Bain Capital Private Equity, which is part of an investor group backing U.S. Renal, declined to comment.
Regulators Clamp Down
The companies face legal and regulatory pressures too. The No Surprises Act, which makes it harder for medical providers to charge patients large amounts of money for work done outside their health insurance network, has weighed on some companies.
Loans to Radiology Partners, a group of radiology practices, have deteriorated since the end of 2021 in part due to the law, according to Moody’s Investors Service, which downgraded the company to Caa1 in November. The company’s $1.6 billion first-lien loan due 2025 is currently quoted at about 86.8 cents on the dollar, Bloomberg-compiled data show, down from nearly par a year ago.

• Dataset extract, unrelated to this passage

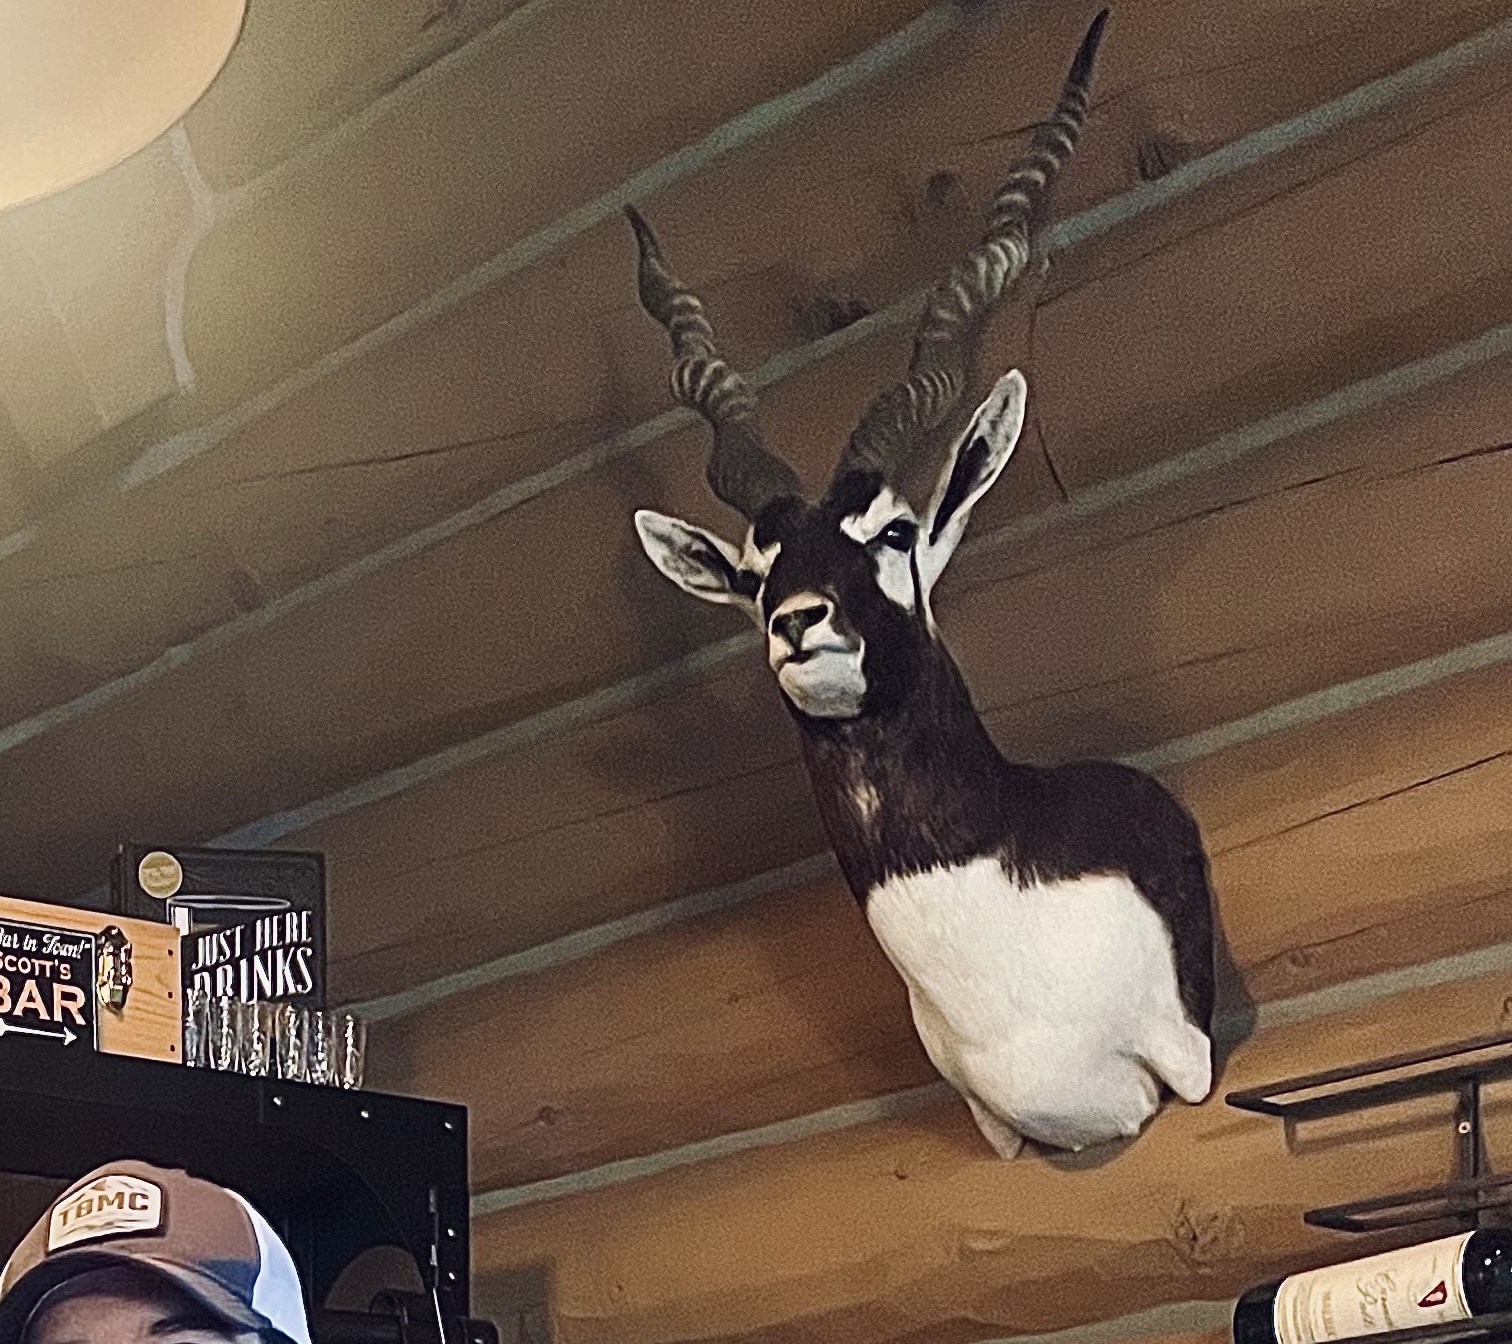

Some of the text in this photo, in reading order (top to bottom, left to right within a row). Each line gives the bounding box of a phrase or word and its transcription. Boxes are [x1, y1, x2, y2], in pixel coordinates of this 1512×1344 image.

[22, 936, 38, 952] in
[191, 910, 313, 971] JUST HERE
[58, 1191, 150, 1227] TBMC

“Notwithstanding the economic and policy headwinds that radiology practices face and must be addressed, we remain committed to adapting to the current environment by reducing debt and strengthening our balance sheet through organic Ebitda growth,” said a Radiology spokesperson in an emailed statement, adding the firm has positive cashflow, substantial liquidity and continued year-over-year Ebitda growth.
Unless inflationary pressures subside and the economy improves, there’ll likely be fewer loan sales coming to the market, money managers said. Companies with bloated debt and projected weaker cash flow will probably pursue transactions such as debt swaps and capital raises to create more breathing room.
“Rising rates and labor costs will no doubt pressure bonds and loans of highly leveraged healthcare providers,” said Mike Holland, a senior credit analyst at Bloomberg Intelligence. “While labor cost growth has tempered a bit from highs, increased cost for capital-intensive providers like hospitals will pressure earnings and liquidity profiles as the credit markets become less forgiving.”